*WHAT YOU ARE ASKED TO DO*: Apart from the images, reproduce all of the data word for word.

Stored items from a collection
=== Section Start ===

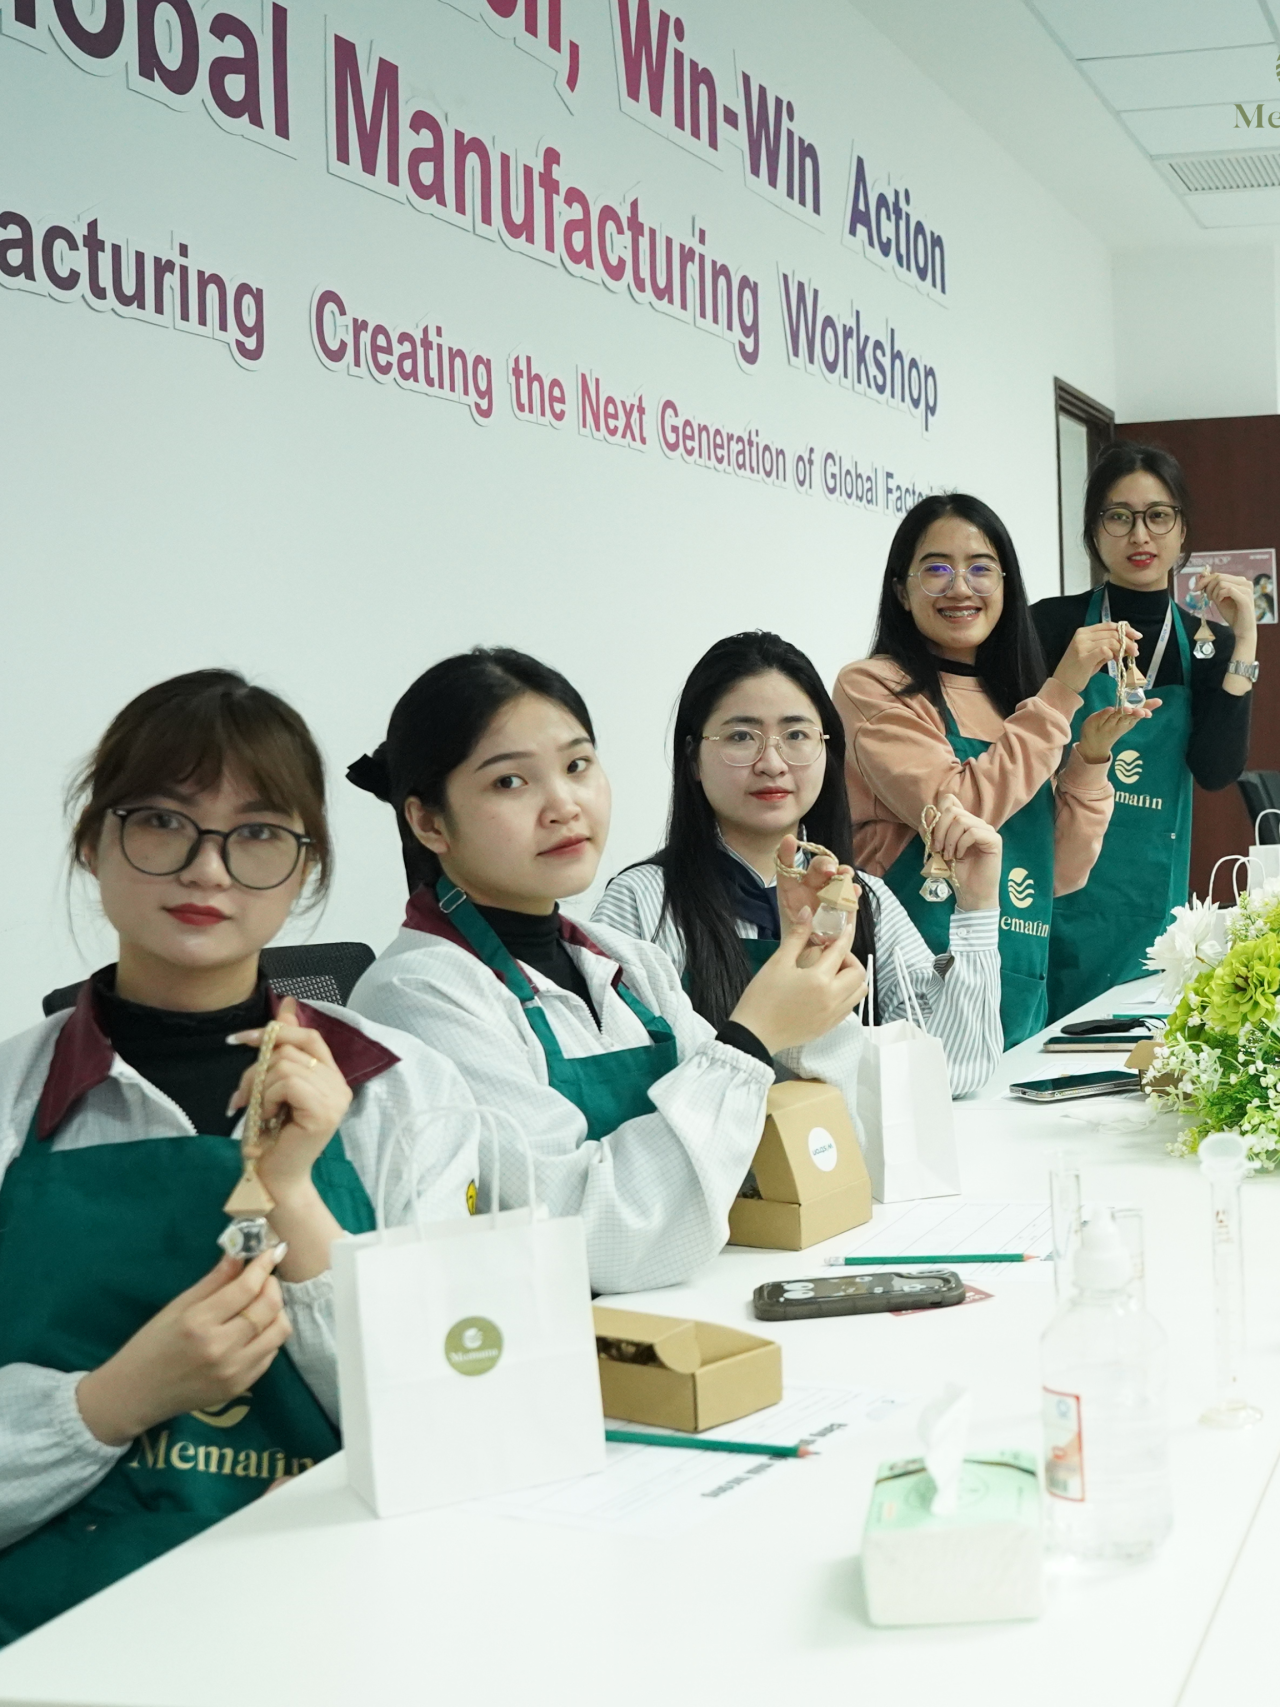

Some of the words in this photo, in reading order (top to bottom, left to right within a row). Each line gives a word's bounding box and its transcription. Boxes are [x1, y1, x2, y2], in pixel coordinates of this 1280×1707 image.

[333, 33, 760, 366] Manufacturing
[783, 273, 938, 432] Workshop
[617, 0, 820, 216] Win-Win
[849, 155, 946, 296] Action
[0, 211, 265, 361] acturing
[315, 290, 494, 419] Creating
[511, 355, 566, 422] the
[580, 372, 647, 446] Next
[660, 399, 786, 483] Generation
[795, 446, 815, 490] of
[823, 451, 878, 507] Global
[1000, 915, 1049, 938] emarin
[1114, 790, 1163, 810] marin
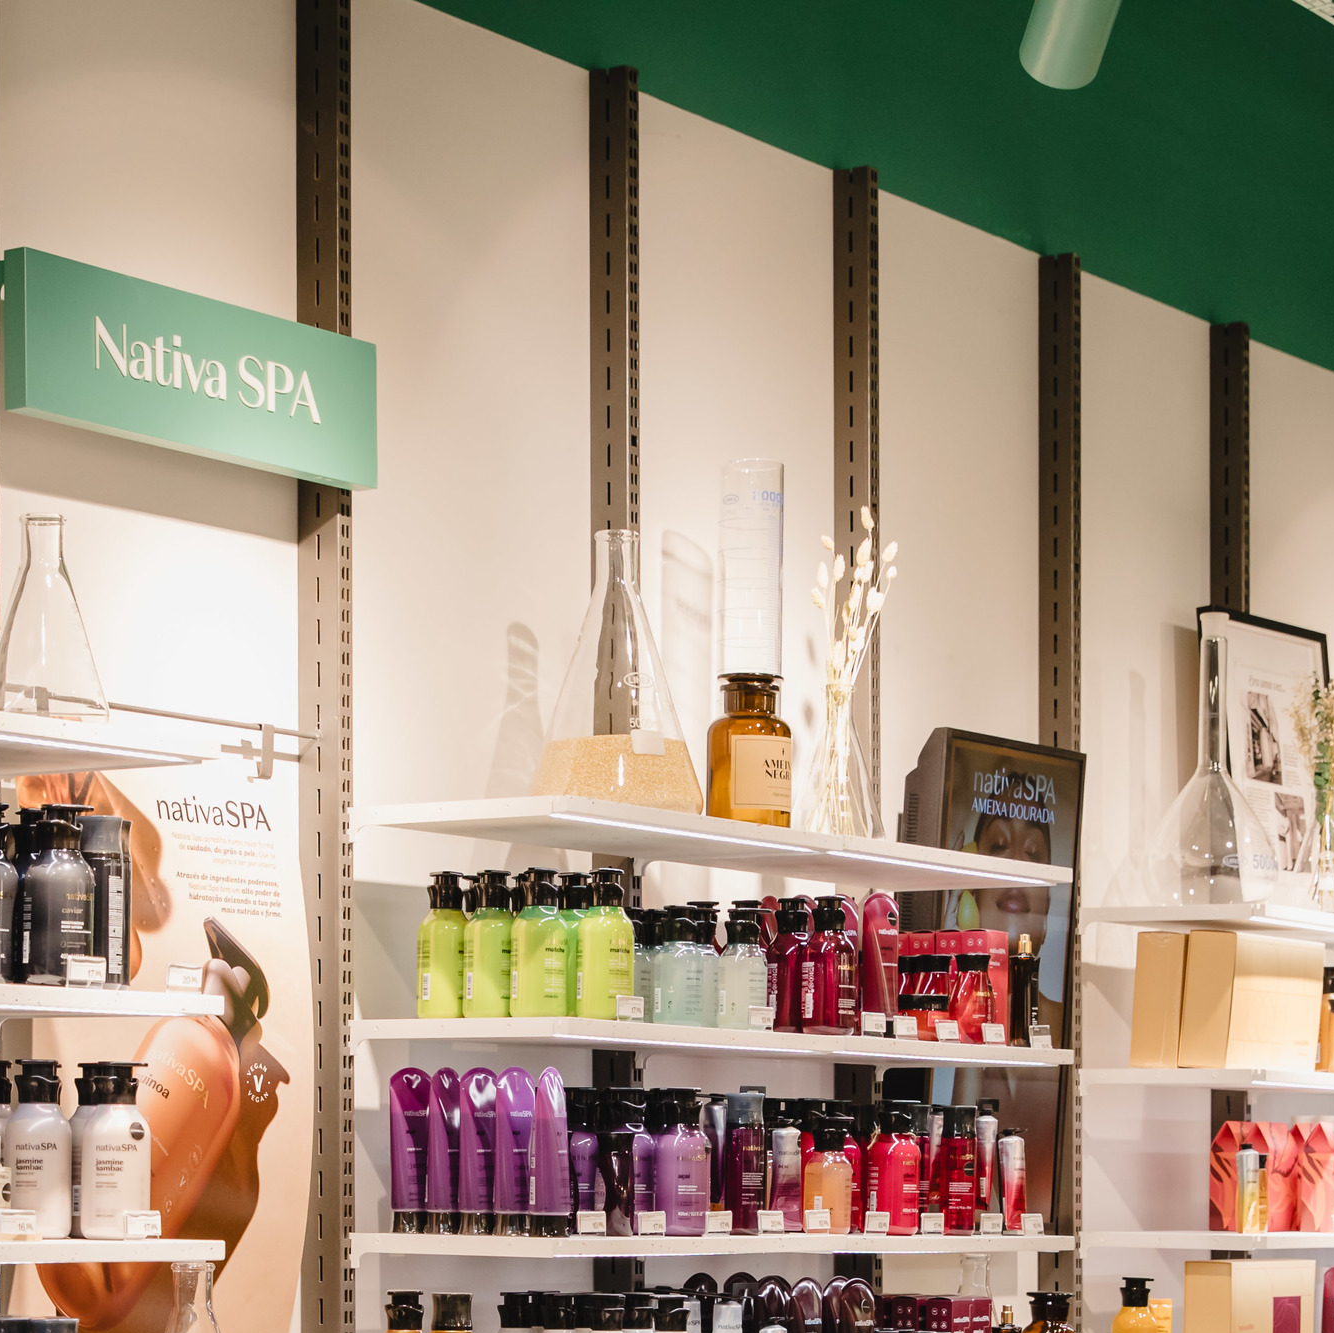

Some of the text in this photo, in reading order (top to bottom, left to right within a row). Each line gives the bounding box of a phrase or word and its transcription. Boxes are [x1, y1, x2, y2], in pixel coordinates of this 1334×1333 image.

[95, 315, 322, 425] Nativa SPA
[973, 768, 1056, 805] nativaSPA
[157, 796, 271, 832] nativaSPA
[971, 797, 1055, 825] AMEIXA DOURADA
[247, 1063, 267, 1076] VEGAN
[248, 1090, 269, 1103] VEGAN
[96, 1144, 138, 1152] nativaSPA
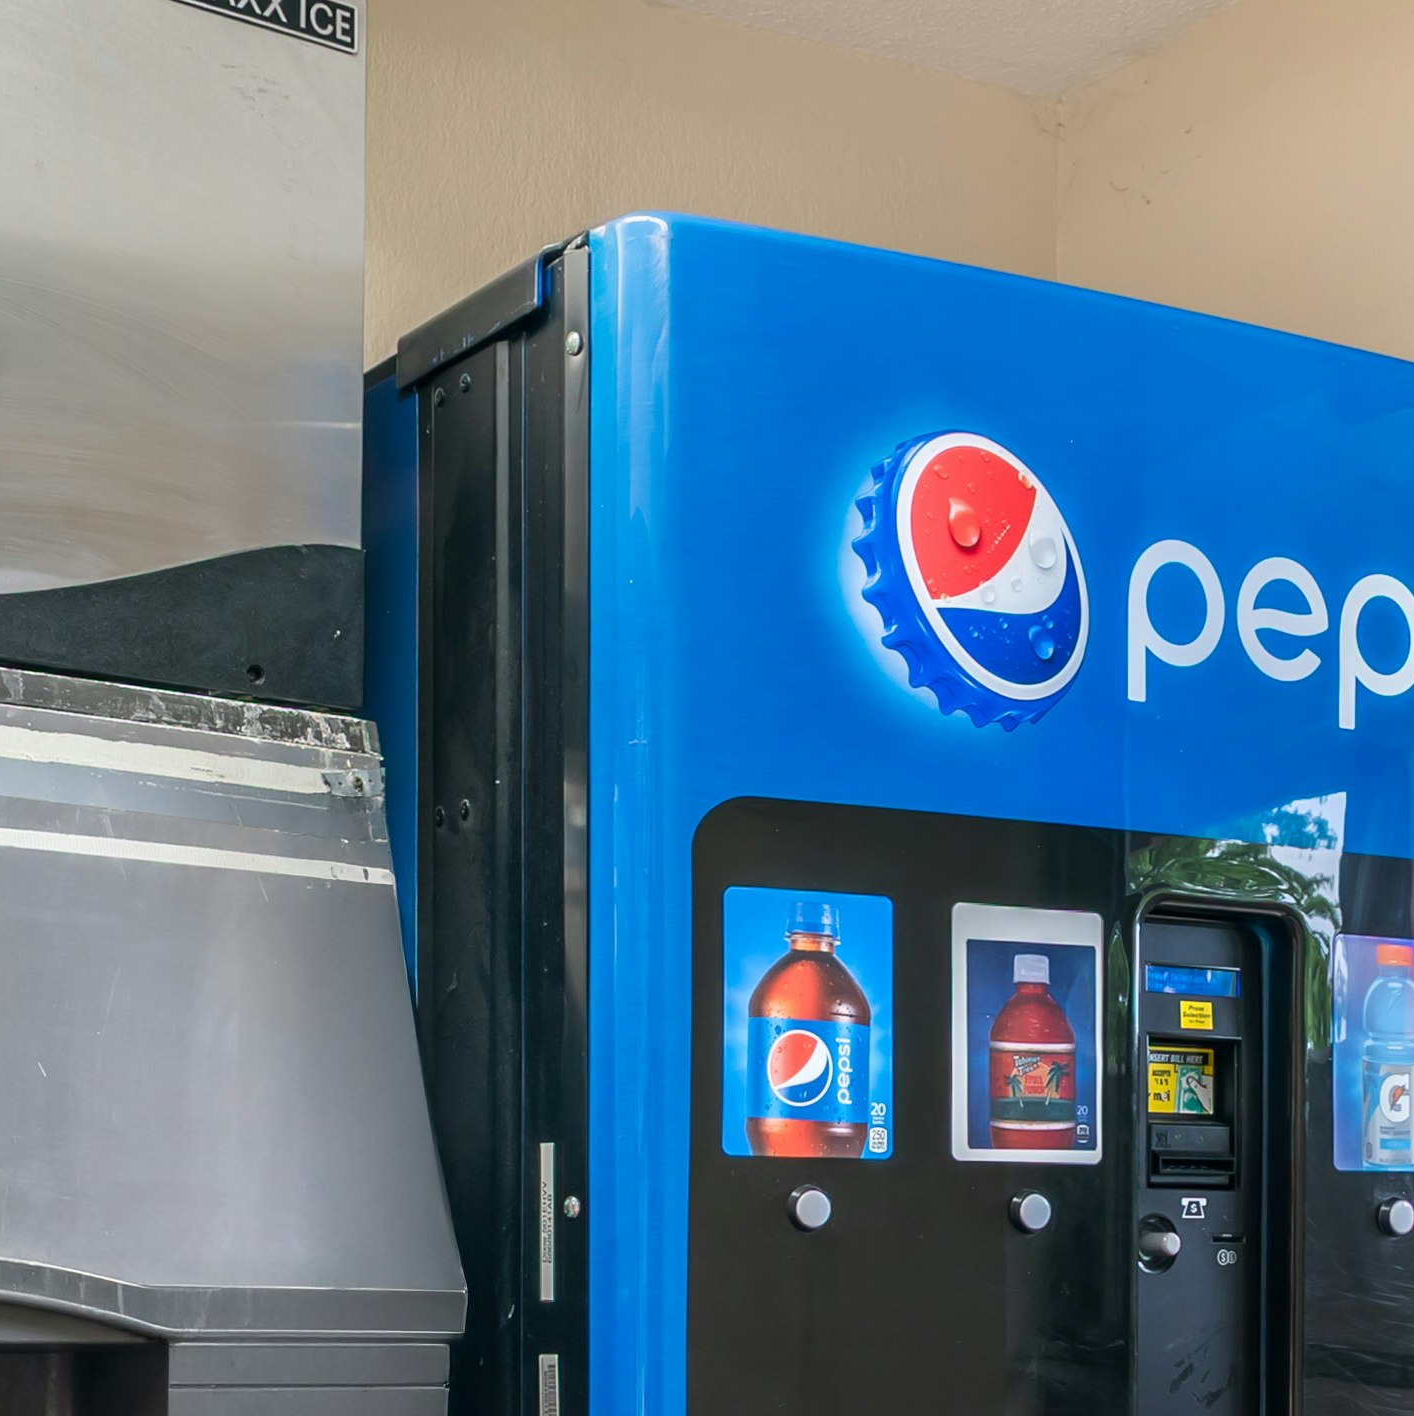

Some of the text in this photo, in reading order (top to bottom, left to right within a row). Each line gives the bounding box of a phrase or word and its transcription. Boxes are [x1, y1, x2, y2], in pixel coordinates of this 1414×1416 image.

[300, 0, 352, 43] ICE
[1148, 1053, 1169, 1063] NSERT
[835, 1037, 853, 1105] pepsi
[1379, 1073, 1410, 1123] G
[870, 1102, 886, 1116] 20
[1076, 1105, 1089, 1115] 20
[872, 1130, 886, 1140] 250

=== Section End ===

*REPLY TO THE TASK*:
Some of the words in this photo, in reading order (top to bottom, left to right within a row). Each line gives a word's bounding box and its transcription. Boxes are [x1, y1, x2, y2], in pixel coordinates of this 1280×1707 image.

[333, 33, 760, 366] Manufacturing
[783, 273, 938, 432] Workshop
[617, 0, 820, 216] Win-Win
[849, 155, 946, 296] Action
[0, 211, 265, 361] acturing
[315, 290, 494, 419] Creating
[511, 355, 566, 422] the
[580, 372, 647, 446] Next
[660, 399, 786, 483] Generation
[795, 446, 815, 490] of
[823, 451, 878, 507] Global
[1000, 915, 1049, 938] emarin
[1114, 790, 1163, 810] marin

Some of the text in this photo, in reading order (top to bottom, left to right within a row). Each line gives the bounding box of a phrase or word and its transcription. Boxes are [x1, y1, x2, y2], in pixel coordinates of this 1334×1333 image.

[95, 315, 322, 425] Nativa SPA
[973, 768, 1056, 805] nativaSPA
[157, 796, 271, 832] nativaSPA
[971, 797, 1055, 825] AMEIXA DOURADA
[247, 1063, 267, 1076] VEGAN
[248, 1090, 269, 1103] VEGAN
[96, 1144, 138, 1152] nativaSPA

Some of the text in this photo, in reading order (top to bottom, left to right within a row). Each line gives the bounding box of a phrase or word and its transcription. Boxes are [x1, y1, x2, y2], in pixel coordinates of this 1414×1416 image.

[300, 0, 352, 43] ICE
[1148, 1053, 1169, 1063] NSERT
[835, 1037, 853, 1105] pepsi
[1379, 1073, 1410, 1123] G
[870, 1102, 886, 1116] 20
[1076, 1105, 1089, 1115] 20
[872, 1130, 886, 1140] 250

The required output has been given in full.